The hash function used by Zabbix is a slight improvement over the fnv-1a function (http://www.isthe.com/chongo/tech/comp/fnv/index.html). This function uses product and bit operation to achieve the purpose of fast hashing. The specific implementation is as follows:

According to the above function, the hashing process of 620000 itemid is simulated (the number of slots is 1006279), and the hashing efficiency is as follows:

Total barrel number

1006279

Number of empty buckets

543405

The number of barrels with a depth greater than 1

127940

Load factor

0.616131311

Maximum barrel depth

seven

Proportion of deep barrels to value buckets

0.276403514

Proportion of deep buckets to total buckets

0.127141677

Proportion of empty buckets to the total

0.540014251

IV. Parallelization of tasks and data

1. Parallelism of tasks

The tasks of the Zabbix system are basically based on the monitored host and item, and there is a strong independence between each host and item. For parallelization, Zabbix splits tasks into relatively independent subtasks, each of which is executed by one or more processes.
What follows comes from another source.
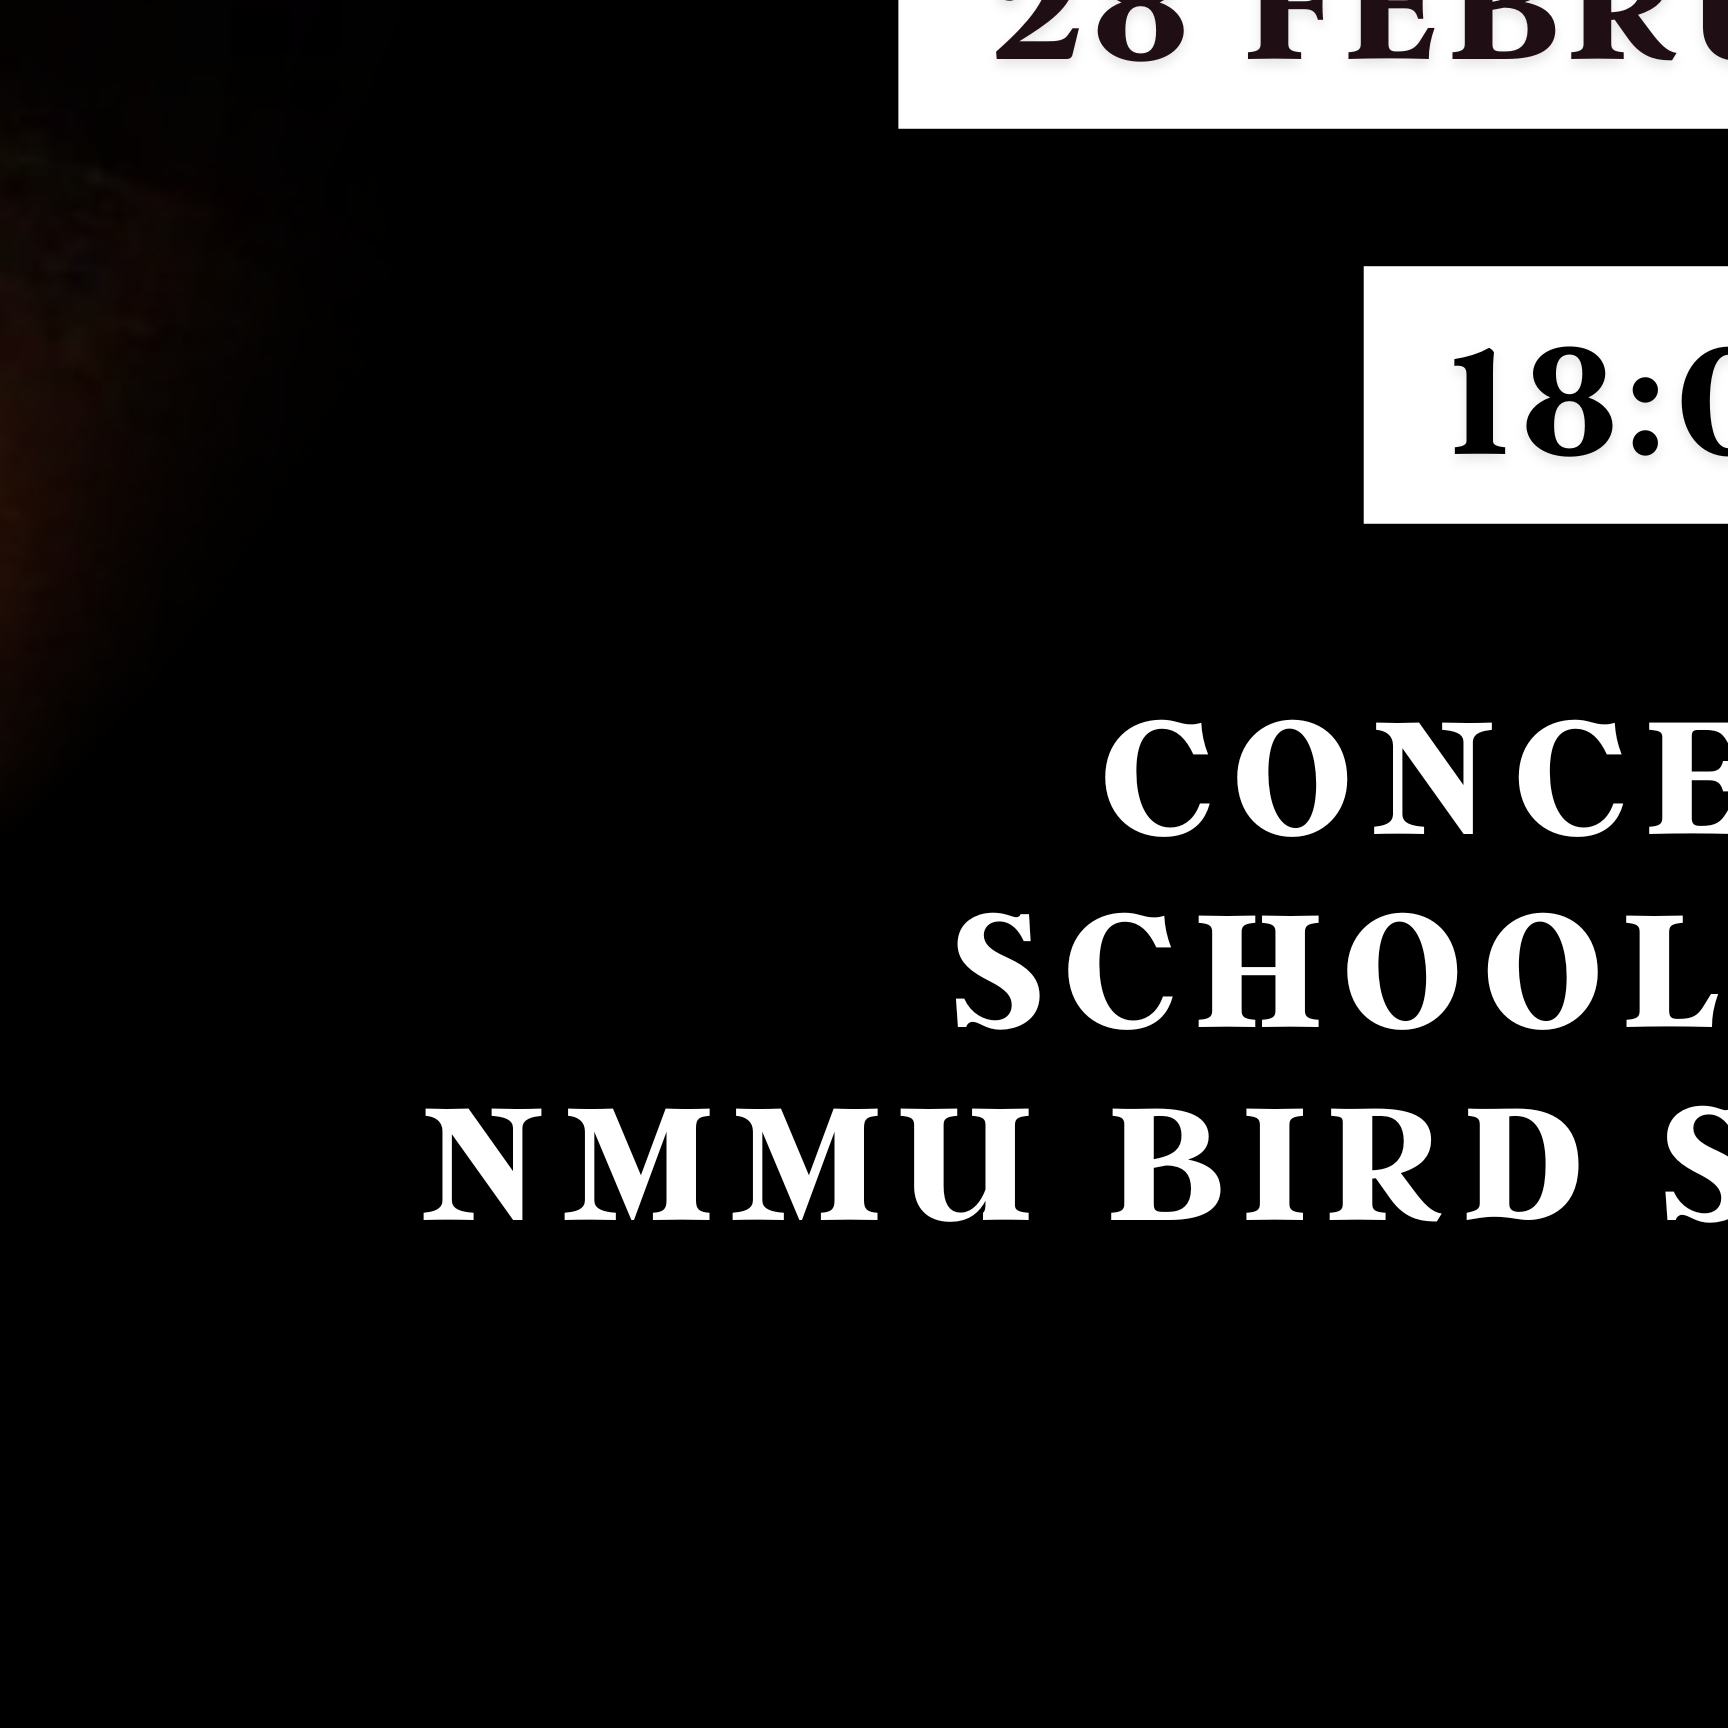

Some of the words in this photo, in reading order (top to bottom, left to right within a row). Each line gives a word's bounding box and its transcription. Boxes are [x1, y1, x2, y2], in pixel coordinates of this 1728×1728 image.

[954, 911, 1719, 1031] SCHOOL
[422, 1104, 1030, 1224] NMMU
[1109, 1104, 1579, 1224] BIRD
The process partition on the Zabbix server side is shown in the following table:

Start

Sequence

Process title

Allow

Number of processes

Default value

Task

one

Configuration syncer

1-1

one

Synchronize data from the database to the Dbconfig cache

two

Db watchdog

1-1

one

Periodically check whether the server database is available, and send an alarm message if it is not available

three

Poller # n

0-1000

five

According to the data in dbconfig, collect data from passive agent and snmp devices, and flush to shared memory cache- > history

four

Unreachable poller # n

0-1000

one

Periodically polling a device when it is in the unreachable state

five

Trapper # n

0-1000

five

Receive and process data from active agent and active proxy (json format, zabbix communication protocol) from socket, and flush to shared memory cache- > history

six

Icmp pinger # n

0-1000

one

According to the data in dbconfig, collect icmpping-related item data in batches and flush them to shared memory cache- > history

seven

Alerter

1-1

one

Send all kinds of alarm notifications

eight

Housekeeper

1-1

one

Delete expired historical data periodically

nine

Timer # n

1-1000

one

Evaluate time-related trigger expressions, etc.

ten

Node watcher

1-1

one

Dealing with interaction with node

eleven

Http poller # n

0-1000

one

Collect data related to web monitoring and flush to shared memory cache- > history

twelve

Discoverer # n

0-250

one

Scan the network according to the specified rules and automatically discover host, interface, etc.

thirteen

History syncer # n

1-100

four

Batch update the data in shared memory cache- > history to the database, and flush to shared memory vc_cache, cache- > trends, config- > items, etc.

fourteen

Escalator

1-1

one

When the alarm operation needs to be carried out step by step, control the escalations between the steps.

fifteen

Ipmi poller # n

0-1000

0

Similar to the poller process, dealing with ipmi items

sixteen

Java poller # n

0-1000

0

Similar to the poller process, dealing with JMX items

seventeen

Snmp trapper # n

0-1

0

Similar to the trapper process, dealing with snmp items

eighteen

Proxy poller # n

0-250

one

Interact with passive proxy to get the required json format data at a set frequency and flush the data into shared memory cache- > history

nineteen

Self-monitoring

1-1

one

Process item information related to the running status of zabbix itself, and access collector variables in shared memory

twenty

Vmware collector # n

0-250

0

Collect data related to vmware virtual machine and flush it to shared memory

There are two types of critical processes among all processes: poller/trapper processes, which are used to collect data and load them into shared memory, and history syncer processes, which are used to update the database and trigger events and alarm. Logically, these two kinds of tasks are carried out successively, and the data must be collected first before the alarm can be triggered. The processes of each type of task are independent, multiple poller/trapper processes can be executed at the same time, and multiple history syncer processes can also be executed at the same time.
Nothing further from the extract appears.